Part B: Write the coordinates of triangle P"Q"R" obtained after P'Q'R' is reflected about the y-axis.
To reflect a point about the y-axis, we only need to negate the x-coordinate. Reflecting each point of triangle P'Q'R' in this way, we obtain triangle P"Q"R":
P"(-1, -2), Q"(0, 3), R"(1, 0)
So, the coordinates of triangle P"Q"R" after reflection about the y-axis are P"(-1, -2), Q"(0, 3), and R"(1, 0).
Part C: Are the two triangles PQR and P''Q''R'' congruent? Explain your answer.
Two triangles are congruent if their corresponding sides and angles are equal. Let's check if the corresponding sides and angles of triangles PQR and P"Q"R" are equal:
Sides:
- Side PQ and side P"Q" have equal lengths.
- Side QR and side Q"R" have equal lengths.
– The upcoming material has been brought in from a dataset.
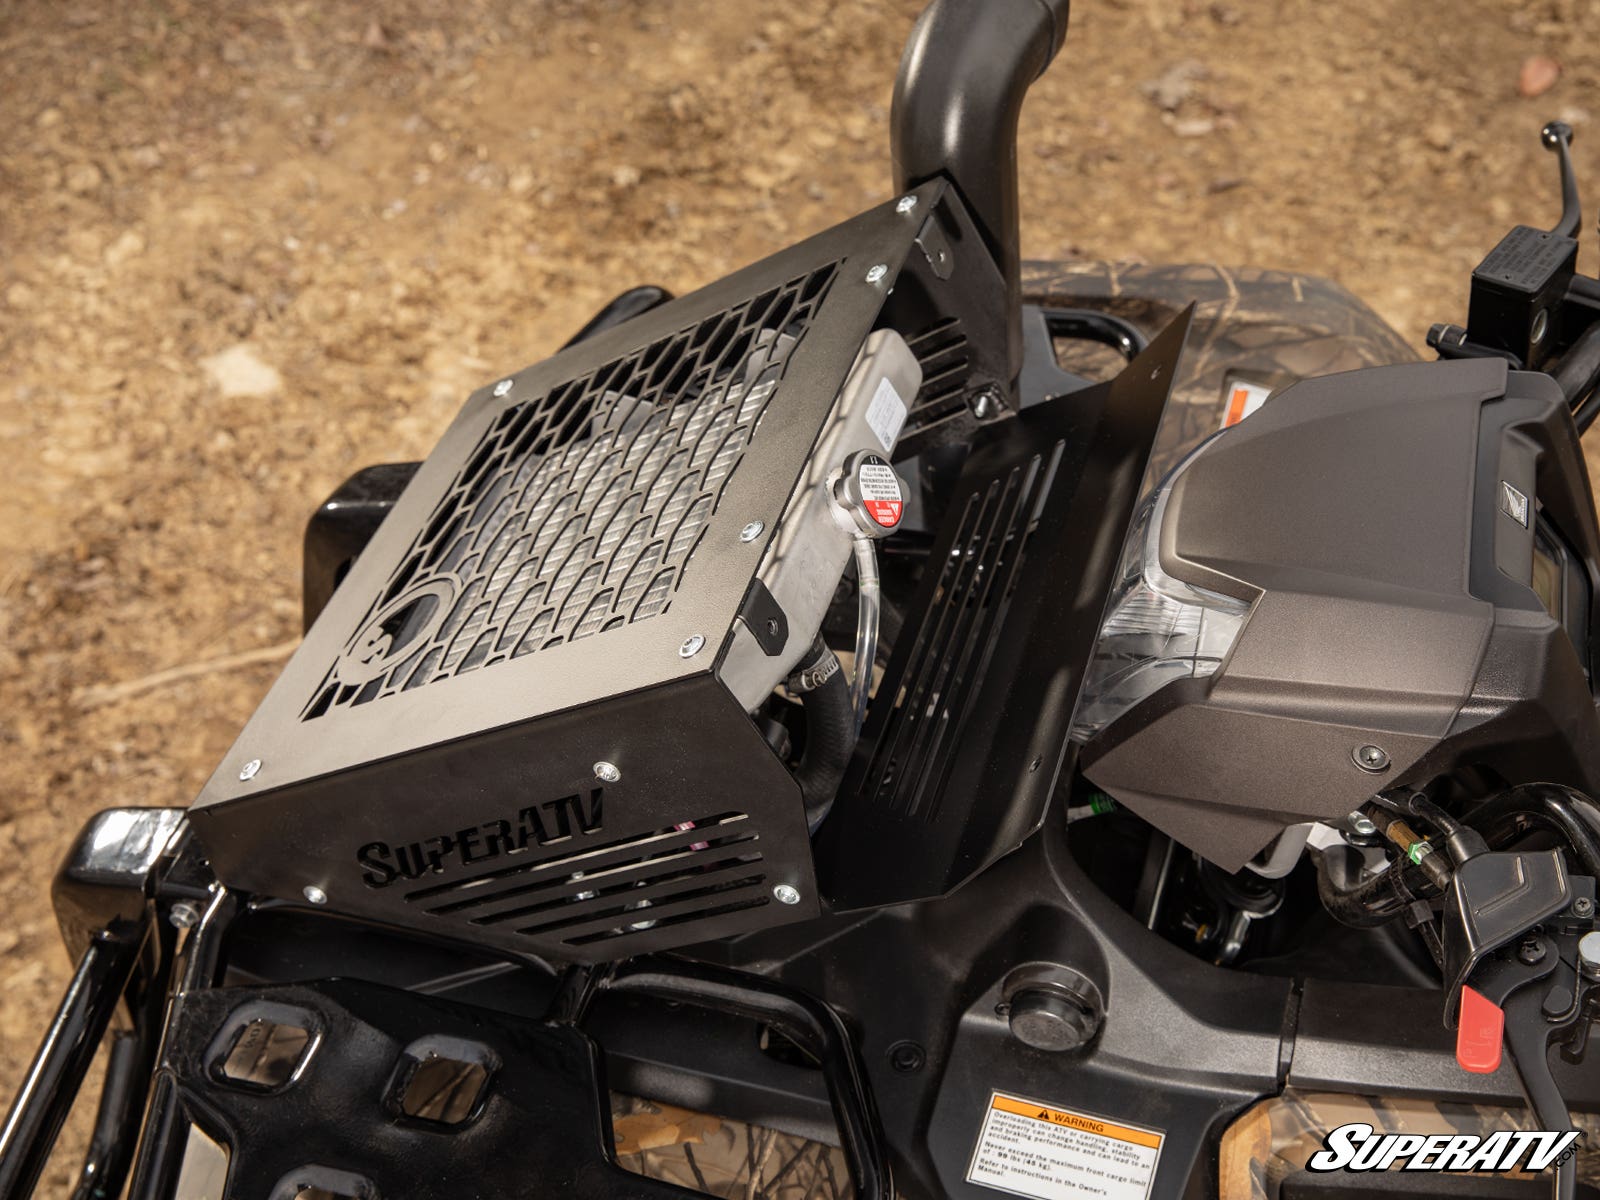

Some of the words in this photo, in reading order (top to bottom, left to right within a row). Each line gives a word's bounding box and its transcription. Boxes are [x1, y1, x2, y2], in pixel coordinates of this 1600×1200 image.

- Side RP and side R"P" have equal lengths.
Angles:
- Angle PQR and angle P"Q"R" have equal measures.
- Angle QRP and angle Q"R"P" have equal measures.
- Angle RPQ and angle R"P"Q" have equal measures.
Since all corresponding sides and angles of triangles PQR and P"Q"R" are equal, we can conclude that these triangles are congruent.
Therefore, triangles PQR and P"Q"R" are congruent.